Light non ha una vera risposta a questa affermazione, e in questo senso sembrerebbe emergere il concetto di sacrificio: egli è disposto a sacrificare Light Yagami a vantaggio di Kira, perché il fine è superiore al mezzo. Infatti, proprio nella convinzione che “il fine giustifica i mezzi”, egli si sente in diritto di eliminare tutti coloro che lo ostacolano, anche (e spesso è così) se non si tratta di criminali. In questo senso è interessante aprire una parentesi sul caso Naomi Misuda.
La puntata è la settima e siamo nel bel mezzo del più grande rischio corso da Light fino a quel momento: se Naomi, fidanzata dell’agente FBI che pedinava Light e che egli stesso ha ucciso, raggiunge la polizia con le informazioni che ha, facilmente le forze dell’ordine ricollegheranno il ragazzo agli omicidi di Kira. Egli ha già provato a ottenere il nome, ma la donna si è rivelata furba, dandone uno falso. Soltanto grazie a un incredibile stratagemma la raggira, scrive il vero nome e la fa suicidare.
Ma concentriamoci sulla struttura della puntata.
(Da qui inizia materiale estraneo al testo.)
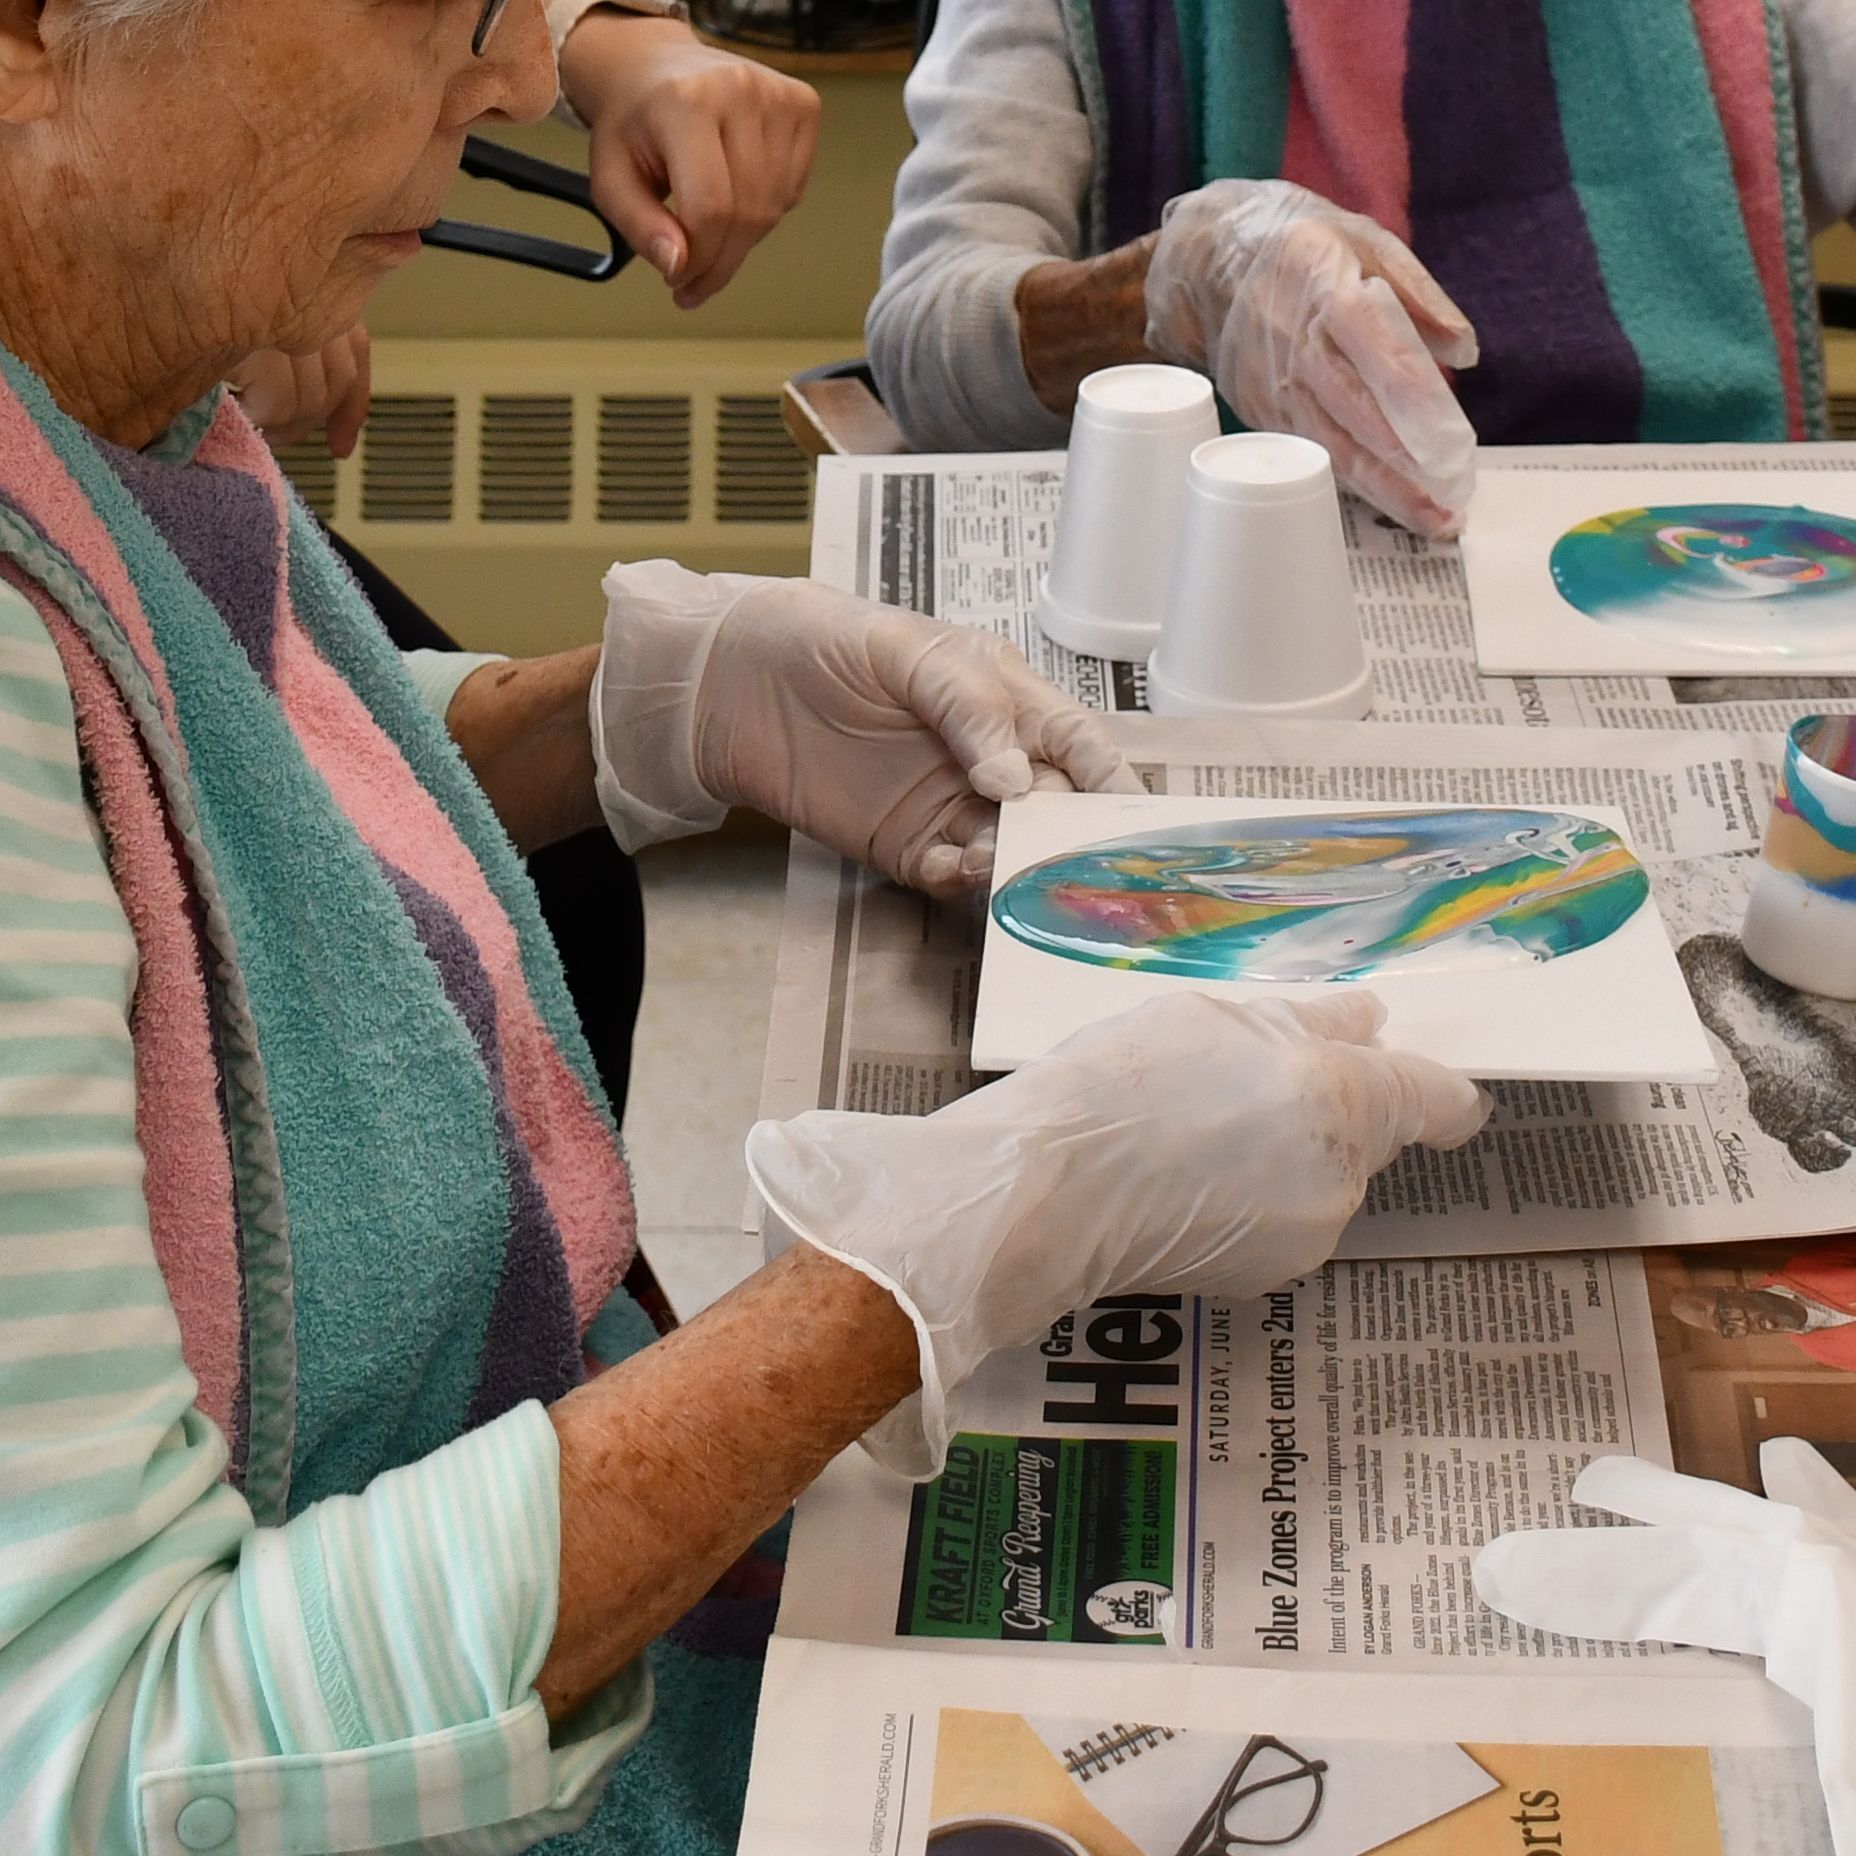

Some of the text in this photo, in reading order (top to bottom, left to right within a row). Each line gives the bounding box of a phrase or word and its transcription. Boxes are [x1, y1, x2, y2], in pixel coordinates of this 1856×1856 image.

[1321, 1303, 1340, 1318] for
[1321, 1320, 1341, 1338] life
[1321, 1340, 1341, 1352] of
[1208, 1307, 1231, 1463] SATURDAY, JUNE
[1322, 1354, 1342, 1392] quality
[1322, 1394, 1343, 1432] overall
[1255, 1290, 1309, 1652] Blue Zones Project enters 2nd
[1323, 1434, 1344, 1486] improve
[1141, 1449, 1166, 1571] FREE ADMISSION!
[1324, 1488, 1344, 1501] to
[1325, 1503, 1345, 1516] is
[925, 1446, 981, 1625] KRAFT FIELD
[980, 1449, 1006, 1611] OXFORD SPORTS COMPLEX
[1001, 1448, 1056, 1631] Grand Reopening
[1325, 1518, 1346, 1573] program
[1201, 1541, 1216, 1650] GRANDFORKSHERALD.COM
[1326, 1575, 1347, 1598] the
[1326, 1600, 1347, 1614] of
[1359, 1562, 1373, 1611] ANDERSON
[1327, 1616, 1348, 1653] Intent
[1361, 1611, 1375, 1643] LOGAN
[1409, 1583, 1425, 1648] GRAND FORKS
Per tutti i 20 minuti, i due personaggi percorrono una strada. Banale, si potrebbe affermare. La genialità, invece, è proprio in questo. 20 minuti di pura tensione raccolti in una semplice camminata, in tante micro-sequenze in quella che è solo una sottotrama della più ampia storia.
La regia e la scrittura, in questo frangente, sono a dir poco sublimi.
Tornando alla giustizia di Kira, e in generale in Death Note, come anticipato, spesso e volentieri è l’ambiguità a prevalere; a parte Light quasi nessuno prende una posizione netta sulla questione. Il merito è del modus operandi del killer: uccidendo solo i criminali peggiori, è automatico porsi il dubbio se tutto sommato non stia facendo bene. Gli investigatori L, Mello e Near, per esempio, non prendono una posizione, ma hanno come unico obiettivo quello di eliminare Kira. Sembrerebbe, soprattutto per Near, più una necessità di vittoria personale piuttosto che affermare un vero e proprio modello di giustizia.
Alla fine della serie, infatti, lo spettatore non è portato a dire che ha vinto la giustizia di Near.
Quest’ultimo, infatti, ha solo sconfitto Light/Kira, ma non ha mai proposto una sua giustizia, se non quella che deve catturare il malvagio per rimuovere il problema. Attraverso i suoi personaggi, Death Note ci spinge a chiederci: ma Light ha completamente torto? Un ruolo determinante è proprio quello dell’agente meno considerato dagli altri, il giovane Matsuda. E’ lui, nella task force, nel corso degli anni a mettere in evidenza che forse Kira non è solo cattivo. O meglio, Matsuda ne riconosce la bestialità e la malvagità, ma riconosce che l’obiettivo di Kira è di fatto quello a cui mira anche la polizia: eliminare i cattivi. Curioso, dunque, che sarà proprio Matsuda a uccidere Light: deluso e spaventato, non può che scaricargli addosso tutto il caricatore, risparmiandolo dal finale proiettile alla testa.
L’unicità della serie, dunque, sta proprio nel fatto che la risposta non c’è. Proprio come un dialogo socratico nelle opere di Platone, affida alla sensibilità degli spettatori la risposta su quale sia la giustizia da seguire, proponendo attraverso i suoi fantastici personaggi (Light ed L su tutti) diversi modelli mai totalmente condivisibili e, dunque, ambigui. Ambigui proprio come Ryuk, genitore di questa storia, da lui iniziata per semplice noia; ed è proprio alla noia, parlando ad un Light morente, che si riferisce lo shinigami nell’ultima suggestiva frase della serie:
“Ne abbiamo passato di tempo insieme, a scacciare la reciproca noia. È stato proprio uno spasso”.